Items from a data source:
-=-=-=-=-

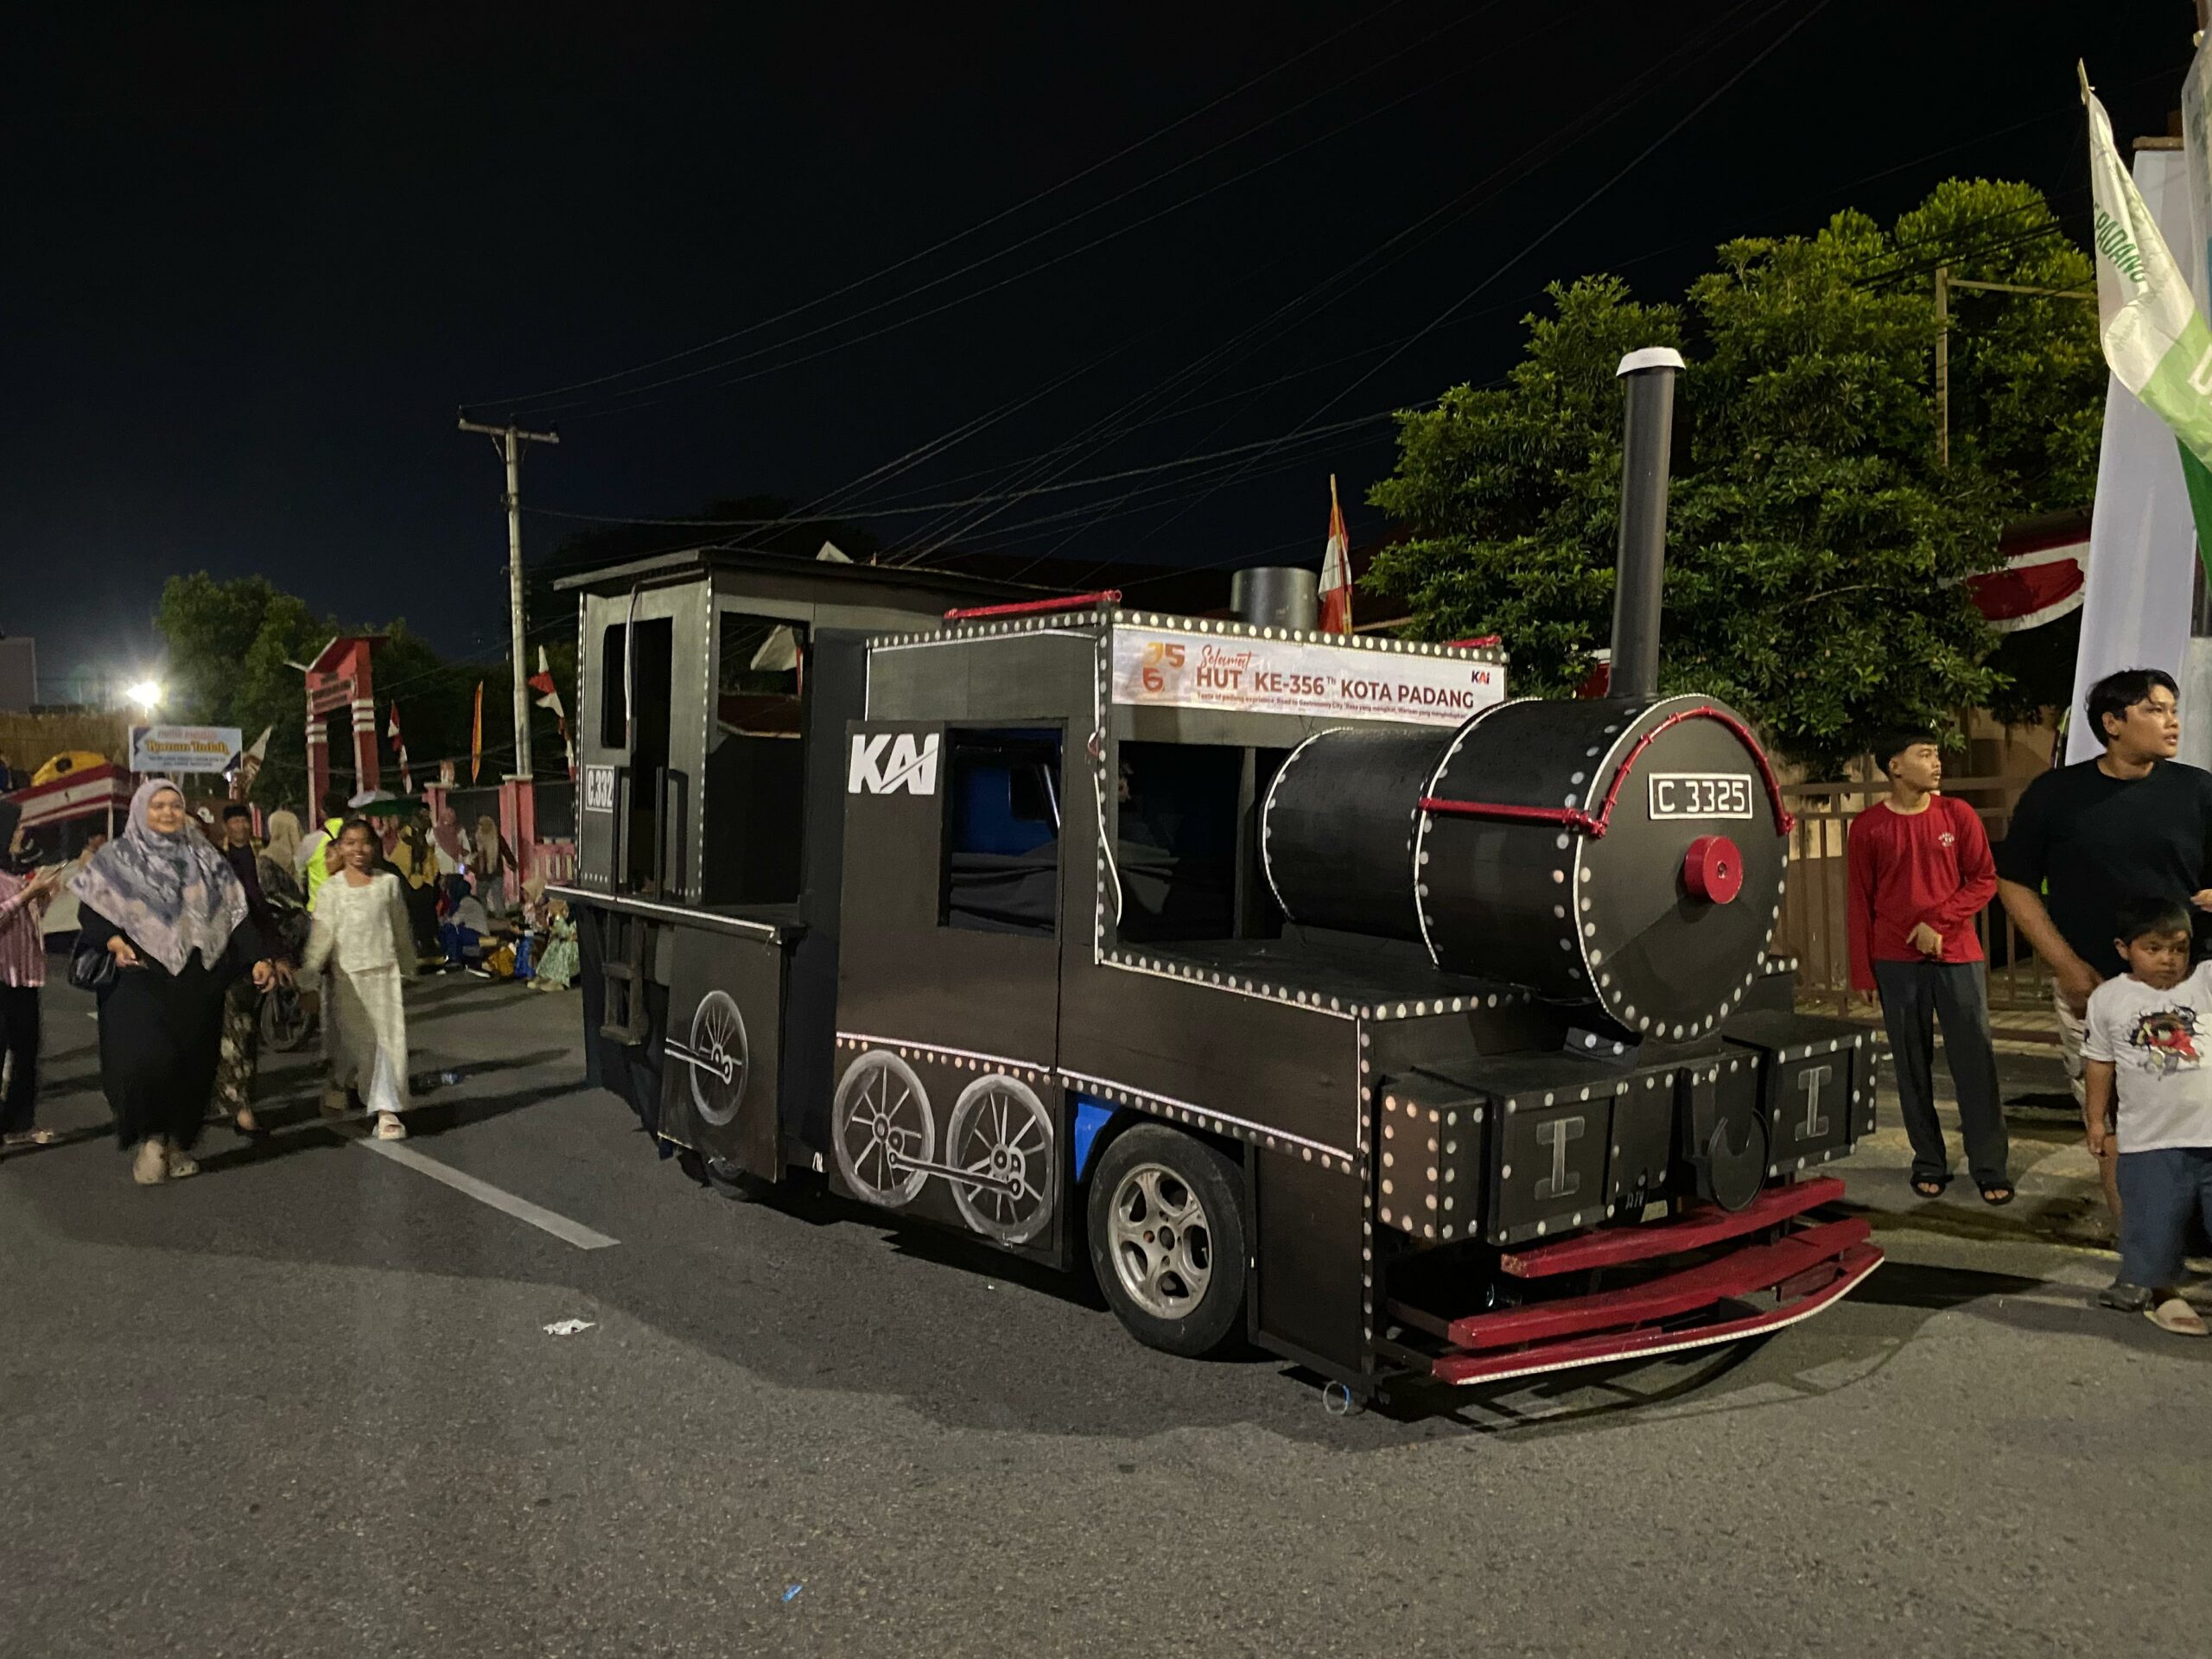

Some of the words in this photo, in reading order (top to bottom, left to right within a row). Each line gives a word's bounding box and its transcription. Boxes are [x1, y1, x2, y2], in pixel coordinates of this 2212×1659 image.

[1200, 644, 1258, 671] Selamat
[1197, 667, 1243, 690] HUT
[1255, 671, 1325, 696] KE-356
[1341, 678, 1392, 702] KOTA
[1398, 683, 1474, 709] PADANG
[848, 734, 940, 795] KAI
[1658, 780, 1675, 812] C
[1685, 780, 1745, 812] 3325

-=-=-=-=-

**Exercise aim:**
The answer is every line of the data, exactly as written, with the pictures dropped.

**Output below:**
Some of the words in this photo, in reading order (top to bottom, left to right within a row). Each line gives a word's bounding box and its transcription. Boxes are [x1, y1, x2, y2], in pixel coordinates of this 2212×1659 image.

[1200, 644, 1258, 671] Selamat
[1197, 667, 1243, 690] HUT
[1255, 671, 1325, 696] KE-356
[1341, 678, 1392, 702] KOTA
[1398, 683, 1474, 709] PADANG
[848, 734, 940, 795] KAI
[1658, 780, 1675, 812] C
[1685, 780, 1745, 812] 3325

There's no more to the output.